Work order — Write out each record below exactly, but not the pictures.

The data —
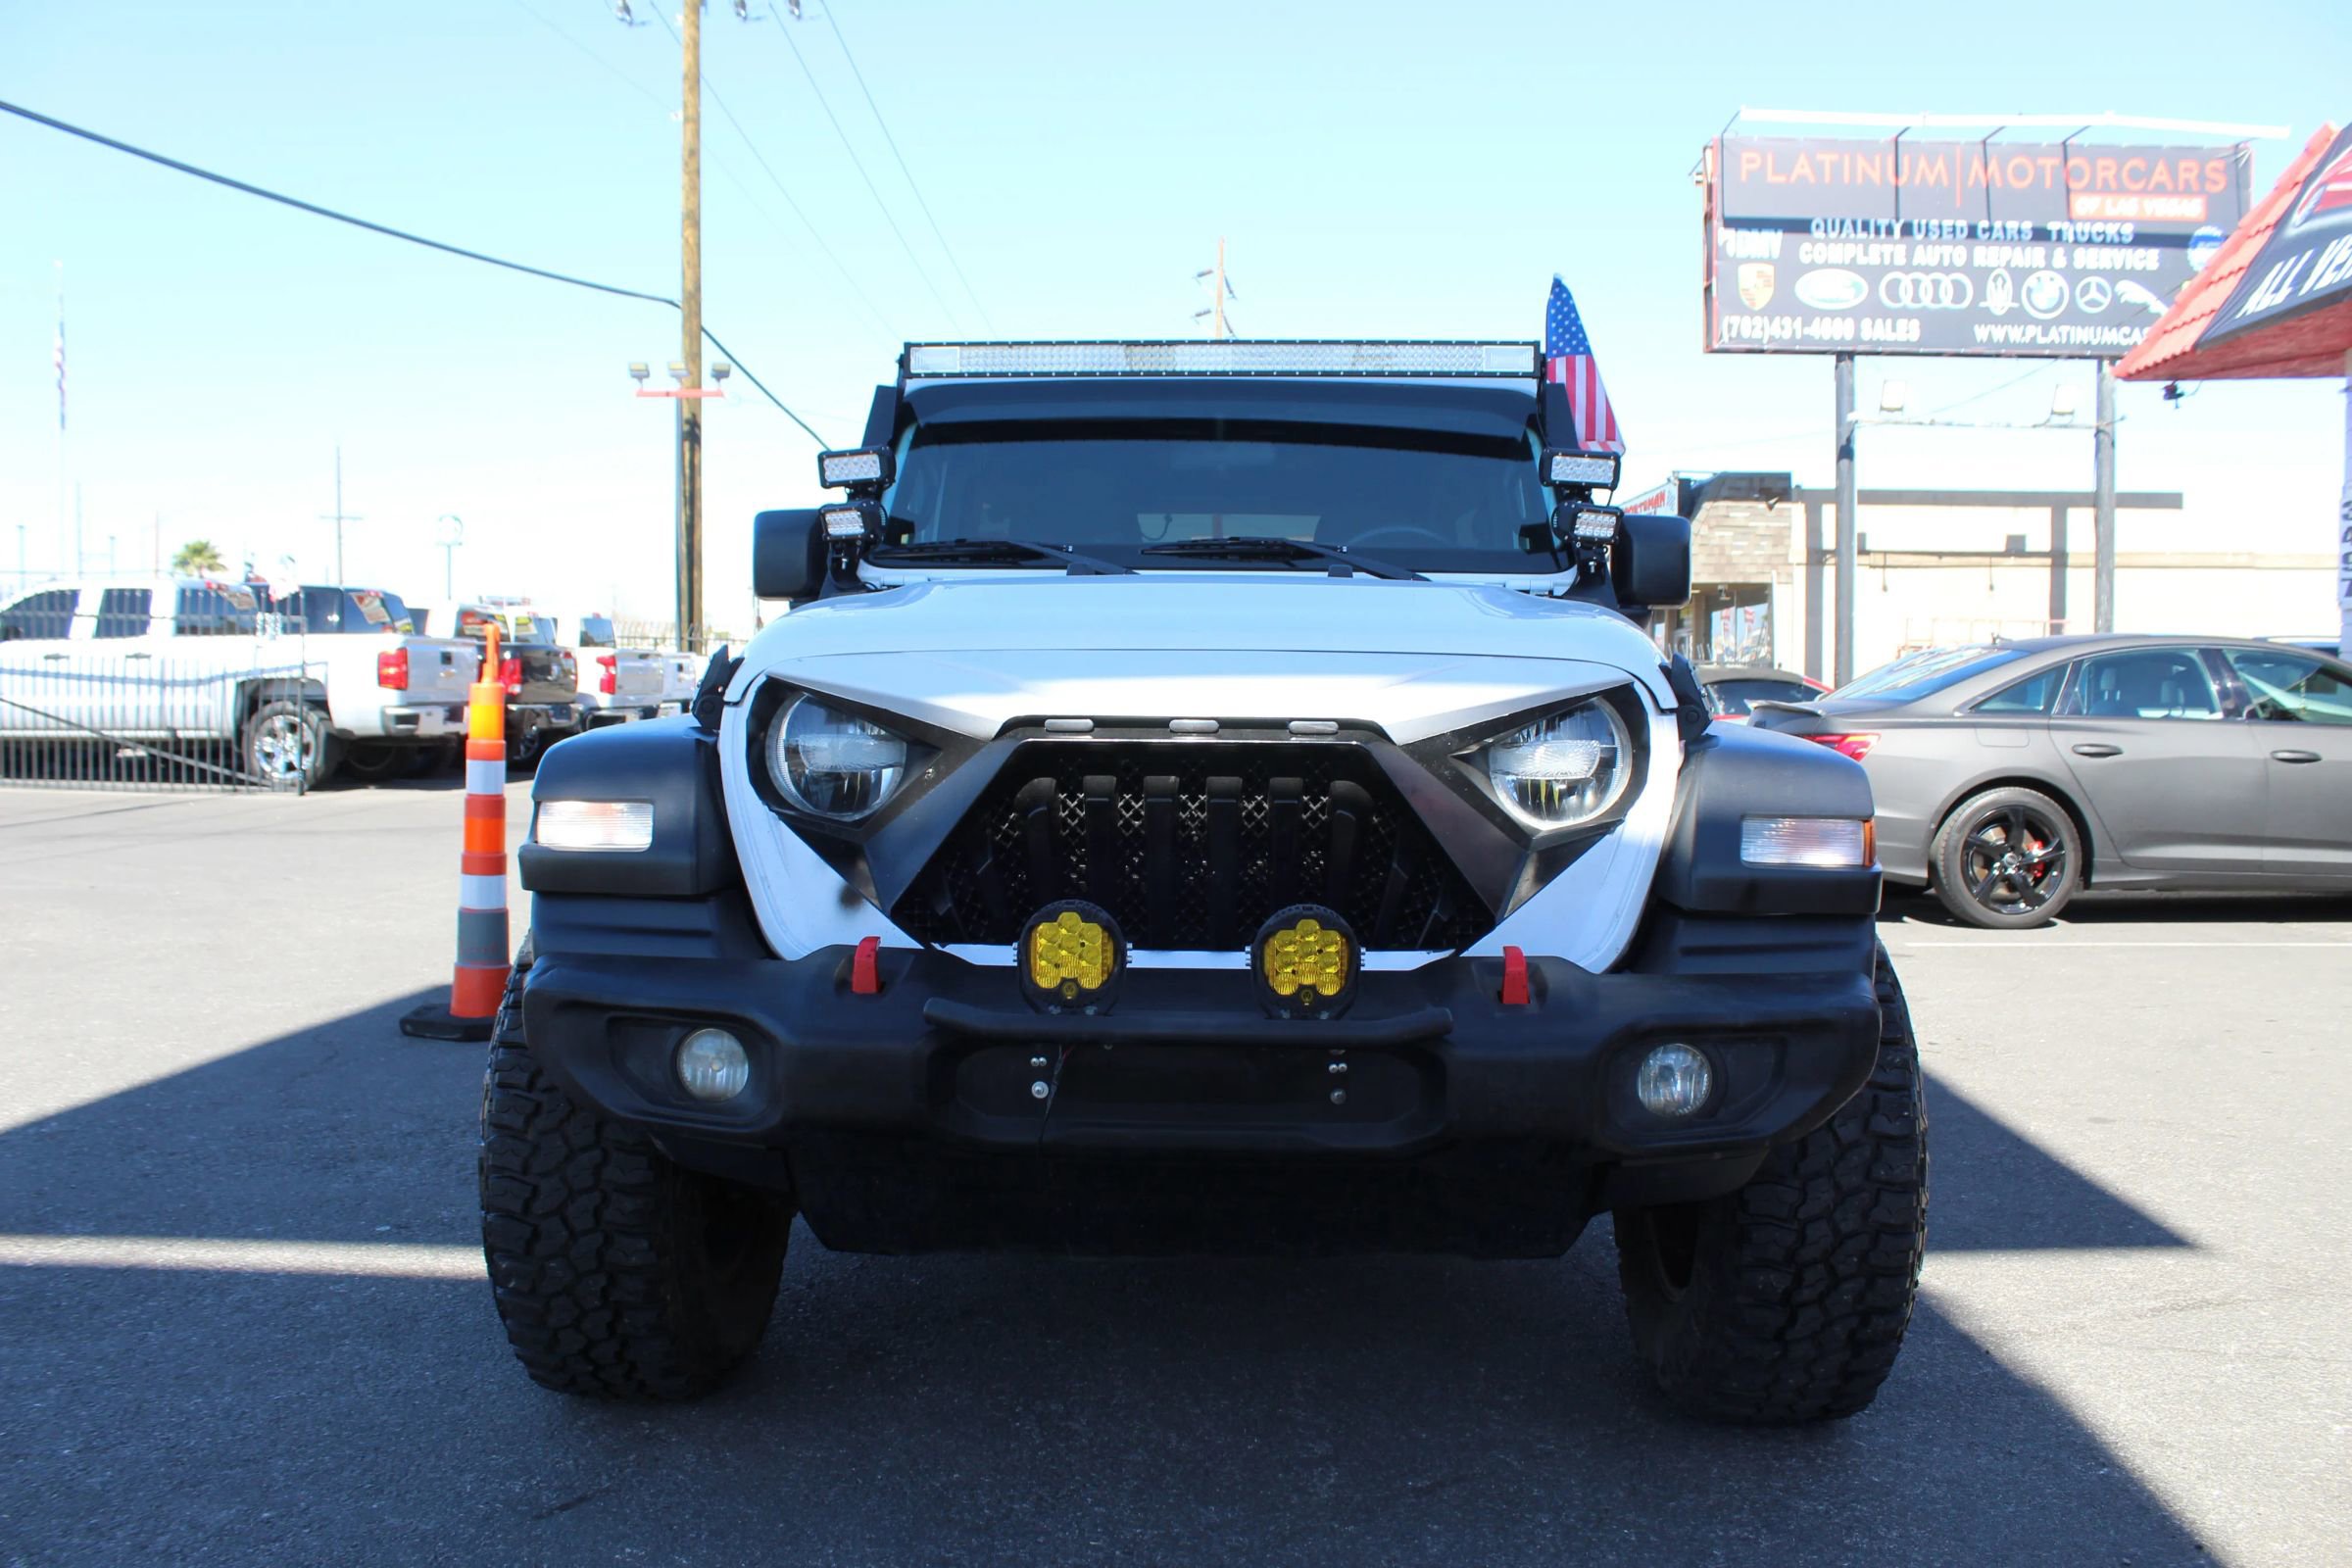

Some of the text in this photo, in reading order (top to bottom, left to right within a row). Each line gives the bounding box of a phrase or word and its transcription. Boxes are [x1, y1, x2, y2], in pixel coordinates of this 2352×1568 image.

[1740, 151, 2228, 194] PLATINUM MOTORCARS
[1811, 219, 2135, 244] QUALITY USED CARS TRUCKS
[1799, 242, 1906, 267] COMPLETE
[1912, 244, 1968, 268] AUTO
[1973, 246, 2046, 269] REPAIR
[2051, 248, 2068, 269] &
[2073, 248, 2160, 270] SERVICE
[2234, 249, 2314, 319] ALL
[1860, 318, 1921, 342] SALES

Answer to this exercise —
Some of the text in this photo, in reading order (top to bottom, left to right within a row). Each line gives the bounding box of a phrase or word and its transcription. Boxes are [x1, y1, x2, y2], in pixel coordinates of this 2352×1568 image.

[1740, 151, 2228, 194] PLATINUM MOTORCARS
[1811, 219, 2135, 244] QUALITY USED CARS TRUCKS
[1799, 242, 1906, 267] COMPLETE
[1912, 244, 1968, 268] AUTO
[1973, 246, 2046, 269] REPAIR
[2051, 248, 2068, 269] &
[2073, 248, 2160, 270] SERVICE
[2234, 249, 2314, 319] ALL
[1860, 318, 1921, 342] SALES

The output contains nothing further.